O banco de dados Brainwash, criado por pesquisadores da Universidade de Stanford, continha mais de 10.000 imagens e quase 82.000 cabeças anotadas nos registros no fim de 2018.
Na sociedade vigiada em que vivemos, câmeras em elevadores, estações do metrô, trens, ônibus, aeroportos, repartições públicas e até no prédio onde você mora se tornaram rotina. Ninguém está livre de ser monitorado 24 horas por dia, nos locais públicos da cidade ou da estrada. Mas o processo de invasão da privacidade avança para ter todos os seus movimentos, com muito mais precisão, por meio do reconhecimento facial.
Dezenas de bancos de dados de pessoas estão sendo compilados, sem o conhecimento delas, por empresas e pesquisadores, com muitas das imagens sendo compartilhadas em todo o mundo, no que se tornou um vasto ecossistema que alimenta a disseminação da tecnologia de reconhecimento facial. A denúncia foi tema de reportagem no fim de semana do The New York Times.
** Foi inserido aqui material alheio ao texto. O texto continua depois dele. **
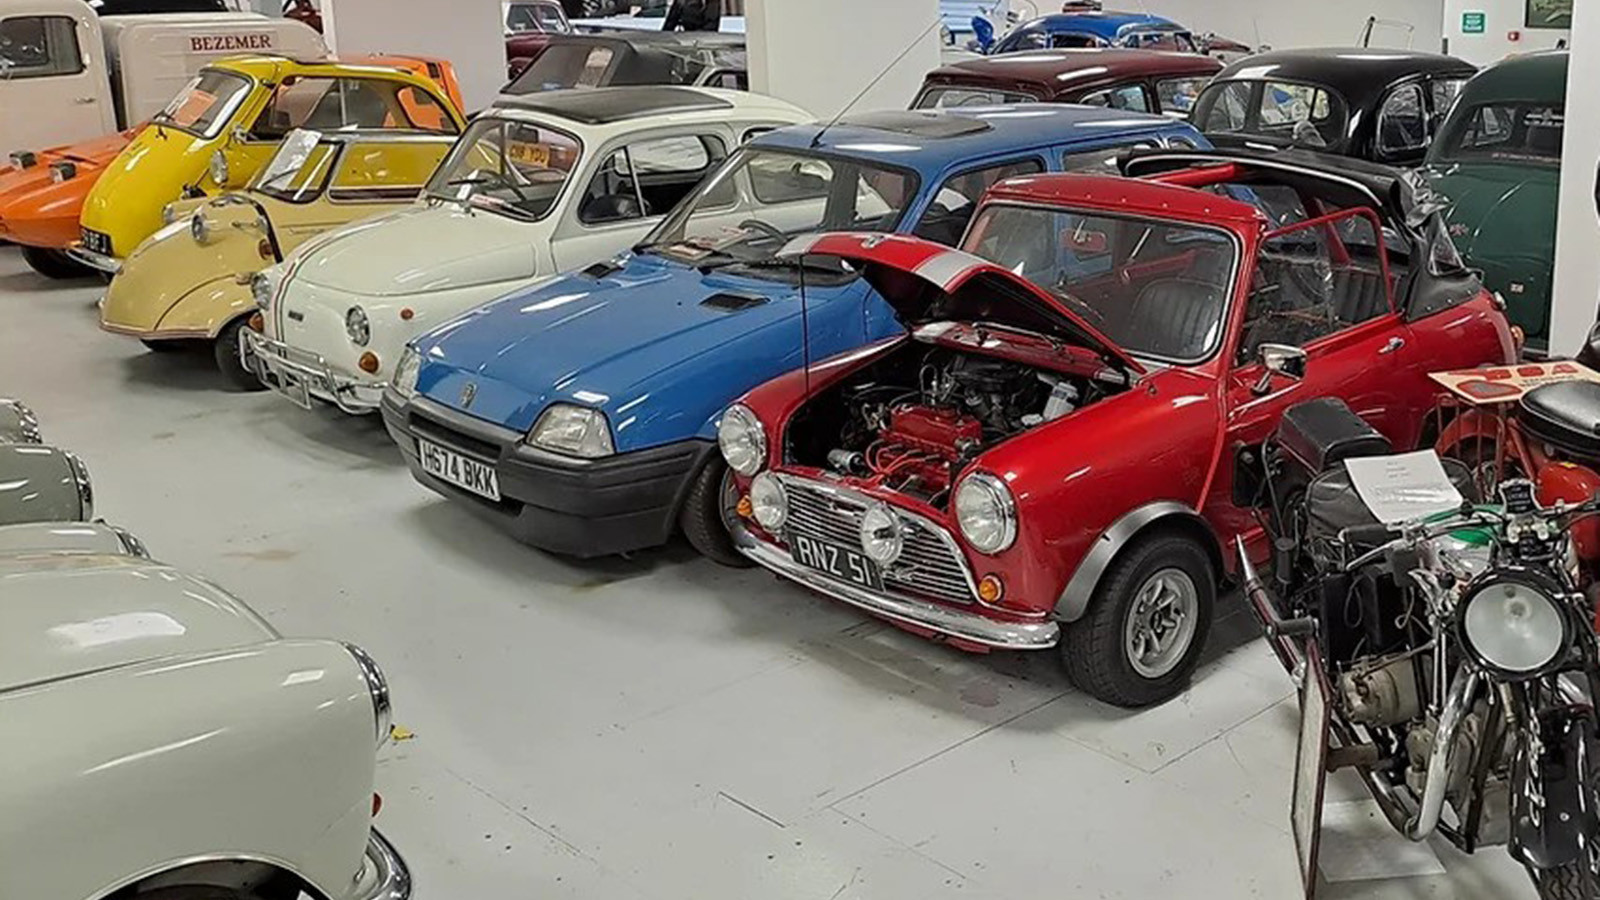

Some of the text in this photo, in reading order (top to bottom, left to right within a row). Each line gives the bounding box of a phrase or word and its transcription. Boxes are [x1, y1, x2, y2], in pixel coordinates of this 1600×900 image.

[190, 34, 272, 51] BEZEMER
[422, 441, 495, 496] H674 BKK
[796, 536, 872, 586] RNZ 51
O banco de dados Brainwash, criado por pesquisadores da Universidade de Stanford, continha mais de 10.000 imagens e quase 82.000 cabeças anotadas nos registros, no fim de 2018. E as empresas contratadas para compilar essas imagens não precisam quebrar a cabeça para descobrir onde você anda. Você acaba fornecendo a matéria-prima. Basta estar circulando nas ruas ou aglomerações.
“Os bancos de dados são formados com imagens de redes sociais, sites de fotos, serviços de encontros como o OkCupid e câmeras colocadas em restaurantes e em quadras universitárias. Embora não haja uma contagem precisa dos conjuntos de dados, os ativistas da privacidade localizaram repositórios que foram construídos pela Microsoft, Universidade de Stanford e outros. Um deles contém mais de 10 milhões de imagens, enquanto outro teve mais de dois milhões”, diz o NYT.
As compilações de rosto estão sendo impulsionadas pela corrida para criar sistemas de reconhecimento facial de ponta. Essa tecnologia aprende a identificar pessoas analisando o máximo possível de imagens digitais usando “redes neurais”, que são sistemas matemáticos complexos que exigem grandes quantidades de dados para construir o reconhecimento de padrões.
Essa ação, que aos poucos também chega ao Brasil, é extremamente invasiva, uma vez que todos os rostos que passam diante das câmeras são gravados e armazenados num verdadeiro Big Brother, levando a múltiplos questionamentos, porque a maioria das pessoas não gostaria que sua vida privada fosse gravada e arquivada.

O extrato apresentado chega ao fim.